What is it?

Gestalt therapy focuses on the whole self – your thoughts, feelings and actions –concentrating on the ‘here and now’, to allow you to become more self-aware.

The therapy, which was developed by Frederick (Fritz) and Laura Perls in the 1940s, concentrates on what you are doing, thinking and feeling now rather than what was, might or should be. Through analysing your behaviour, body language and what you say, and by using role-play and other techniques, the therapist can help you to bring previously repressed feelings and emotions up to the surface.

It can help if …

Gestalt therapy appears to be particularly helpful in those people who find it difficult to express their emotions.
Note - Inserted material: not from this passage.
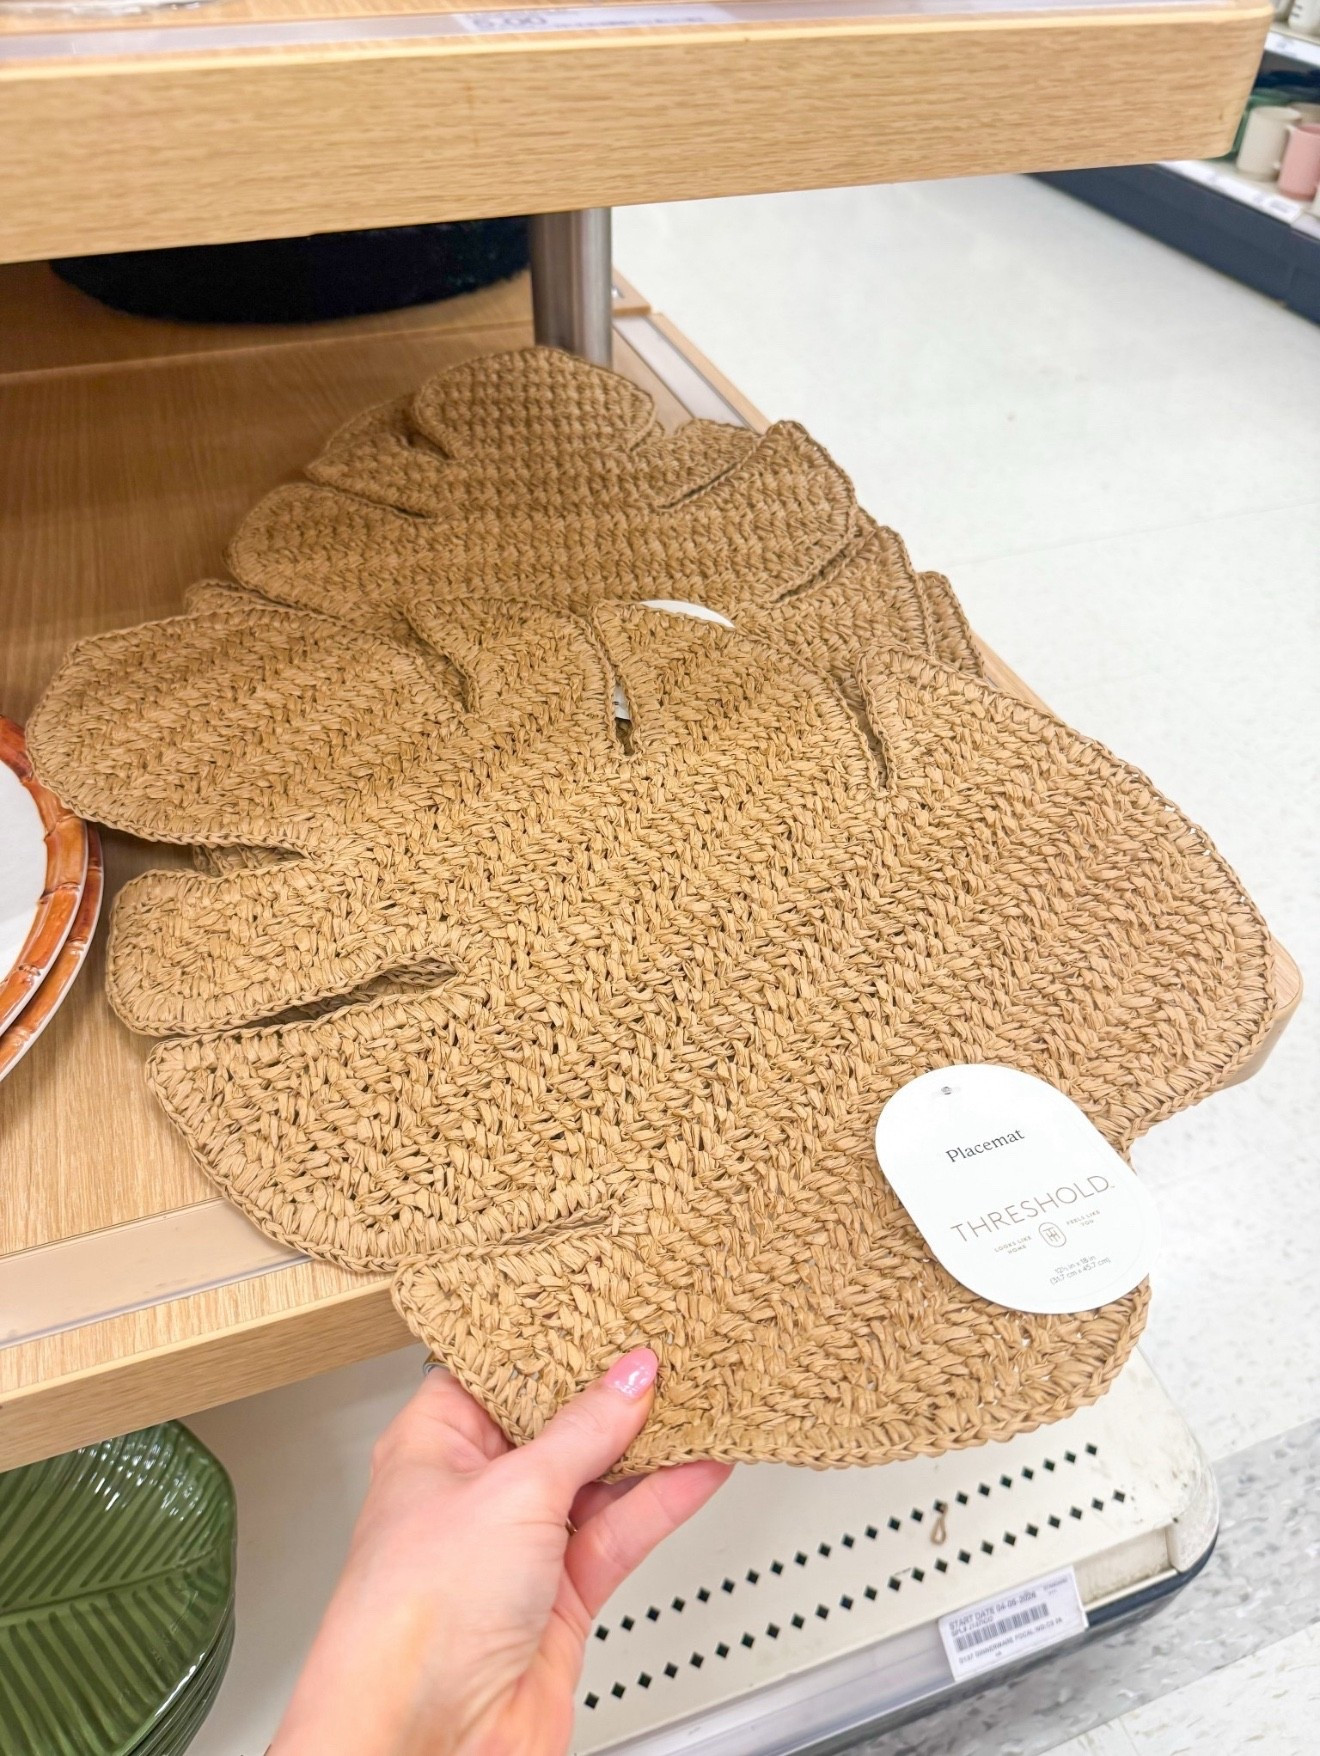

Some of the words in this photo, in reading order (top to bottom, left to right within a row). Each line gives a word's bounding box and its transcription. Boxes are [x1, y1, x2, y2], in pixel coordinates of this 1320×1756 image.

It has been effective in helping people with depression and anxiety, stress, addiction, post-traumatic stress syndrome and other psychological issues holding them back from enjoying a fulfilling life.

What happens?

When you visit a gestalt therapist, you will often see an empty chair. This is an important therapeutic tool! The ‘empty chair’ technique is often used in gestalt therapy.  This is where you sit opposite an empty chair and imagine another person – someone who has caused you pain or problems – sitting there. You can then tell that person anything that you have been unable to express before. You may swap seats and out yourself in that person’s place and answer from their perspective.  You may be asked to imagine yourself in the chair, too. Your therapist will use other techniques, asking about your dreams for example.